Like the time you said to answer the mine phone and tell them what to do, I didn't live that one down for a while ,it was my neighbor Jack Penny (M)Emma Clarke, who lived next door to us on the other end of the line..boy what a scruffin I got from him, The duff battles on the bank head, chop the block with Echo Carey and his fathers new salt and pepper hat, climbing the whistle tower, it seemed there was something different every night and on the way over I would think what were we gonna do to make our night.
You played a very important part in my life and I'm sure anyone who ever associated with you. We were with you pretty well every night, winter and summer. You were the watchman and took us in as friends but I know for sure you enjoyed our little stints in between your rounds as watchman. I can still see you sitting in Wally's wooden armchair and us gathered around the potbellied stove, Leroy would sing:" Please release me, let me go", and you would have your head down taking in every note with a happy grin on your face from ear to ear, or when we played a few ditties. Me on the fiddle, I got from Joe Confiant from Georges River, Leroy on the Mandolin and Bernie on the Guitar, playing some Newfoundland jigs. I could see you with your rubber boot stomping on the floor and your cap twisted to one side meant you enjoyed every moment and that made us happy also.

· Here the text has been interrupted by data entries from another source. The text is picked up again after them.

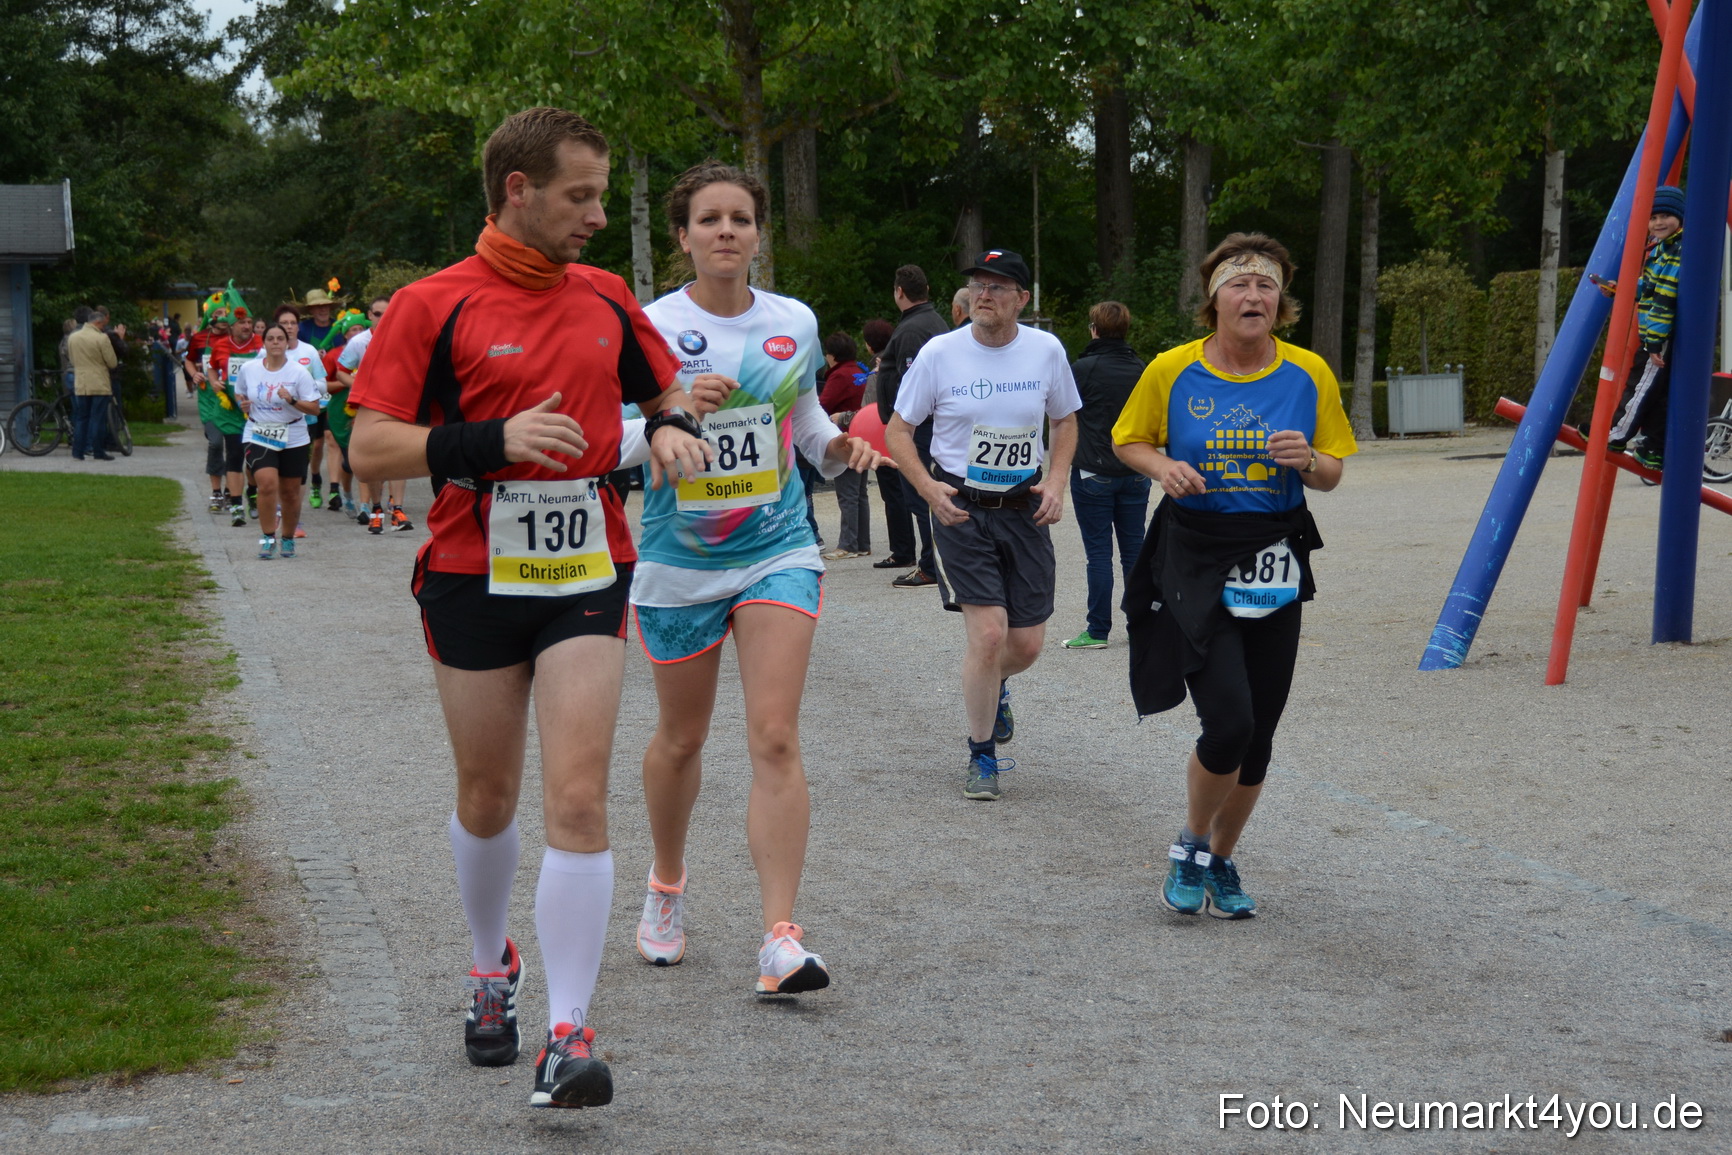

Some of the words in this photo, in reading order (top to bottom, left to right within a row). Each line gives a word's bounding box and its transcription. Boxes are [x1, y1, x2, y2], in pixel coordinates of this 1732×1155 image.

[680, 359, 712, 368] PARTL
[951, 386, 968, 396] FeG
[996, 380, 1041, 393] NEUMARKT
[708, 417, 757, 432] Neumarkt
[973, 428, 998, 440] PARTL
[998, 432, 1028, 441] Neumarkt
[975, 440, 1032, 468] 2789
[981, 471, 1023, 484] Christian
[706, 480, 753, 499] Sophie
[496, 492, 535, 504] PARTL
[518, 508, 589, 553] 130
[520, 562, 587, 581] Christian
[1233, 592, 1277, 606] Claudia
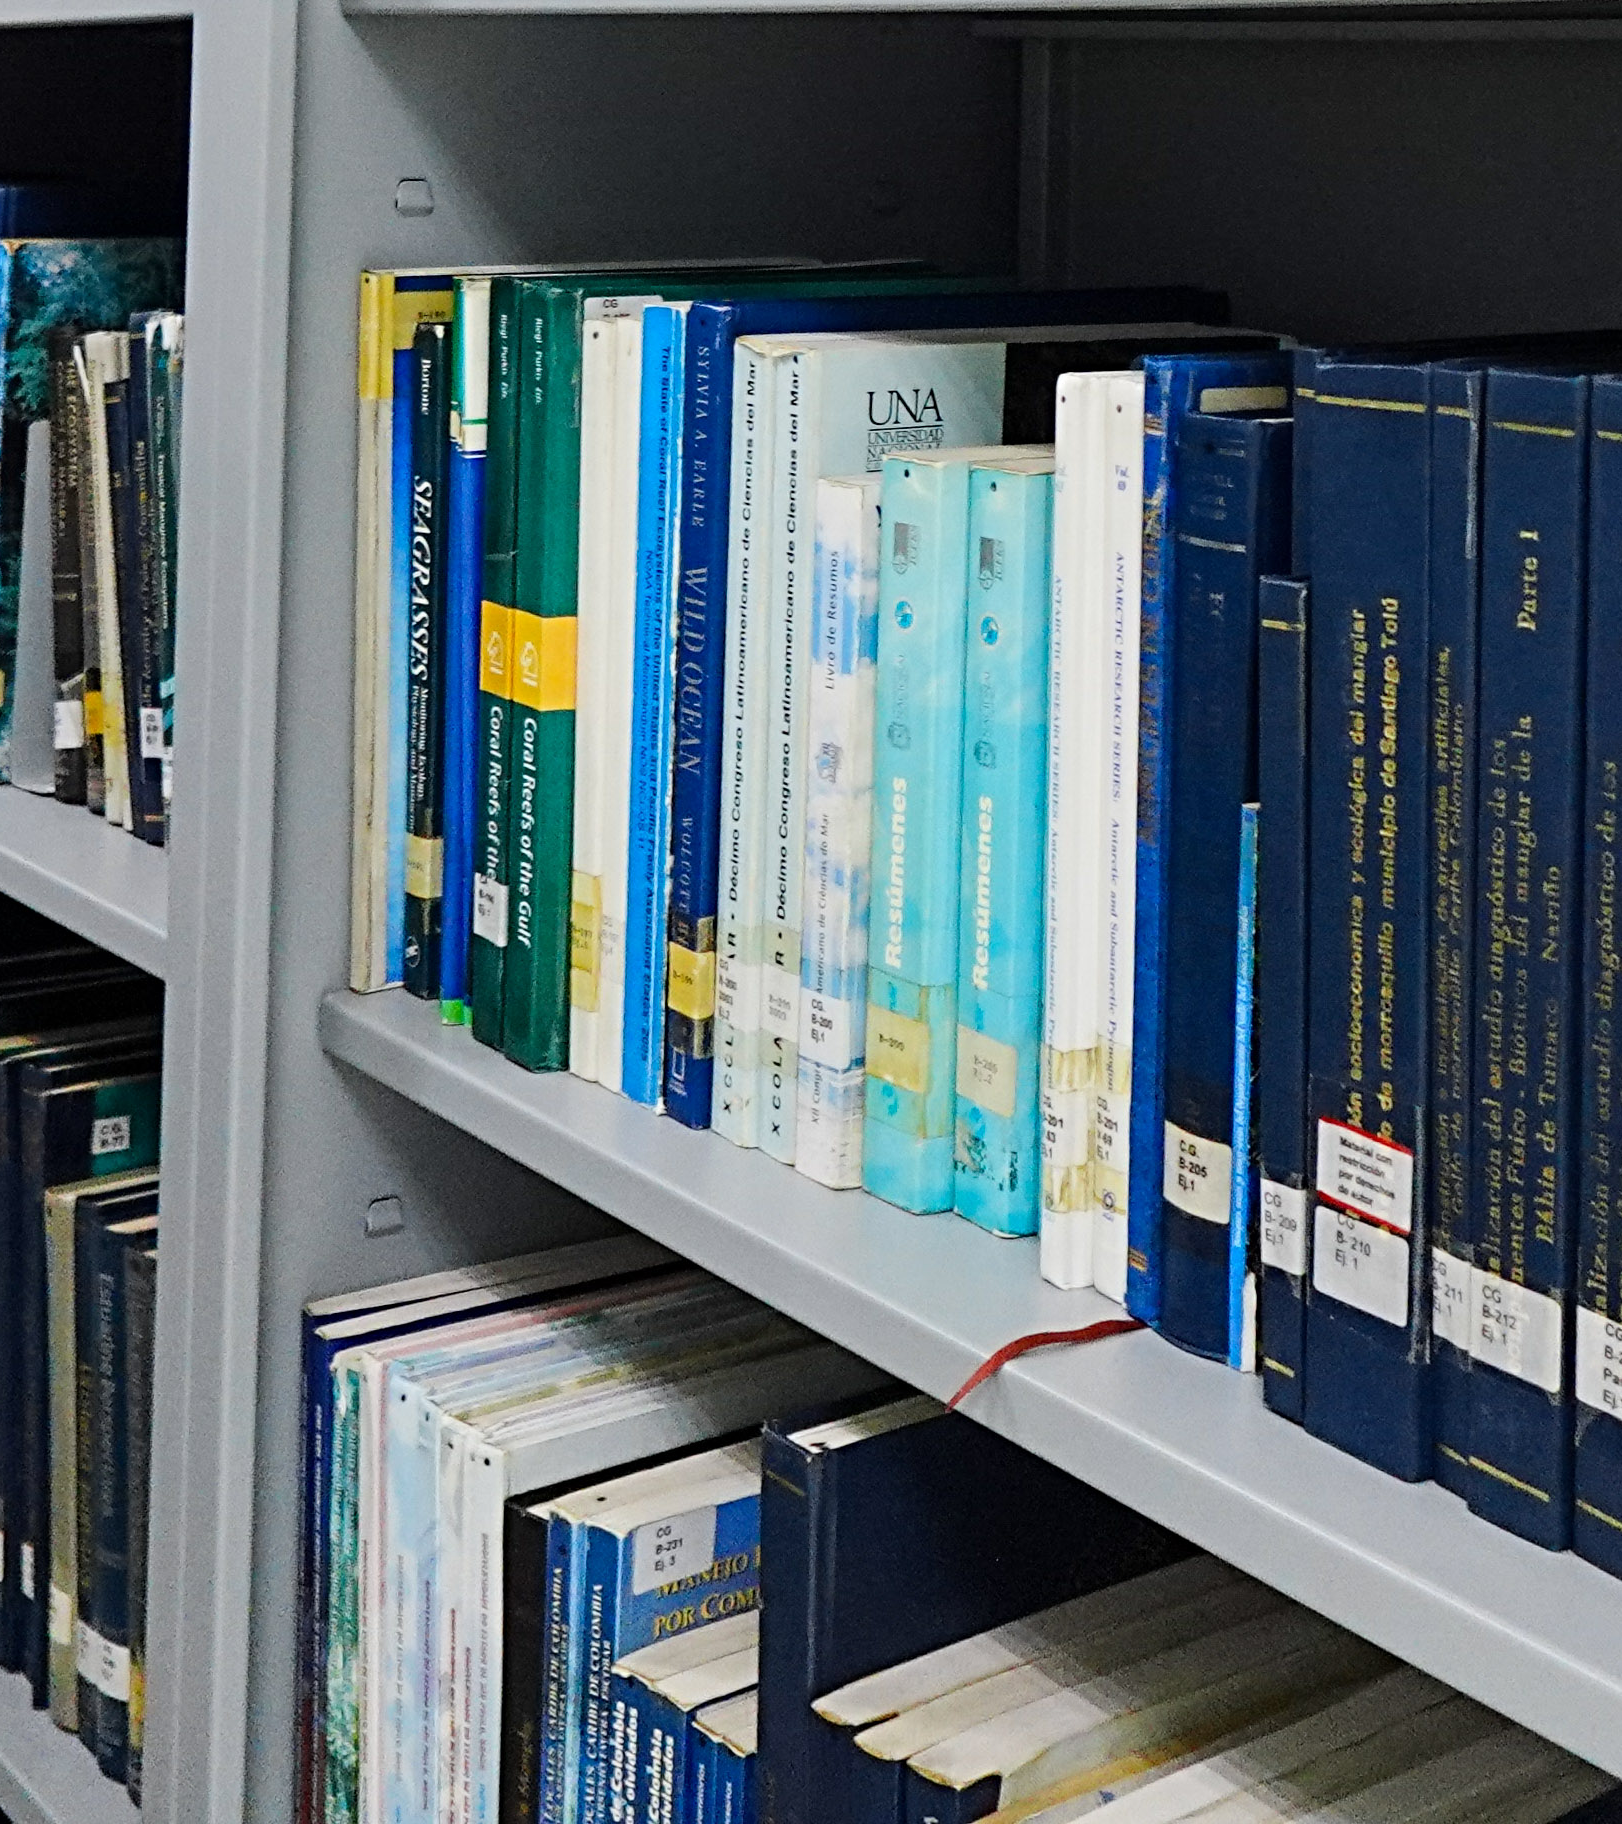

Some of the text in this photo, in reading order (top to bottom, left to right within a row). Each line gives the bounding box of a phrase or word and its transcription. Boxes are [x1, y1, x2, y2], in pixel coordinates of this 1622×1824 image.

[420, 358, 433, 416] Bortone
[866, 388, 945, 427] UNA
[866, 430, 946, 445] UNIVERSIDAD
[157, 453, 167, 497] Tropical
[157, 500, 168, 556] Mangrove
[409, 475, 434, 681] SEAGRASSES
[677, 566, 711, 776] WILD OCEAN
[484, 706, 505, 881] Coral Reefs of the
[513, 716, 540, 947] Coral Reefs of the Gulf
[884, 777, 908, 969] Resúmenes
[971, 795, 996, 990] Resúmenes
[1263, 1191, 1283, 1209] CG
[1481, 1285, 1503, 1304] CG
[1481, 1305, 1519, 1331] B-212
[657, 1525, 672, 1538] CG
[552, 1566, 564, 1639] COLOMBIA
[652, 1601, 697, 1638] POR
[548, 1656, 560, 1678] DE
[585, 1584, 604, 1759] CARIBE DE COLOMBIA
[609, 1701, 627, 1822] de Colombia
[623, 1706, 639, 1801] olvidados

Yes Gussie, It was a special part of my life that you befriended Leroy, Bernie and myself and let us spend those memorable evenings with you at the pit, in the old warehouse .I wish I could Thank you in person and your lovely wife Susan (Sue) Bungay, maybe I did along the way years later, but there is a place in my heart that will never be erased for the kindness you've shown us growing up as young boys. So I figure, with this little note to you, in my storey collection, the people who read it will understand what a wonderful person you were.
Thank you, Gussie, For the Kind Memories.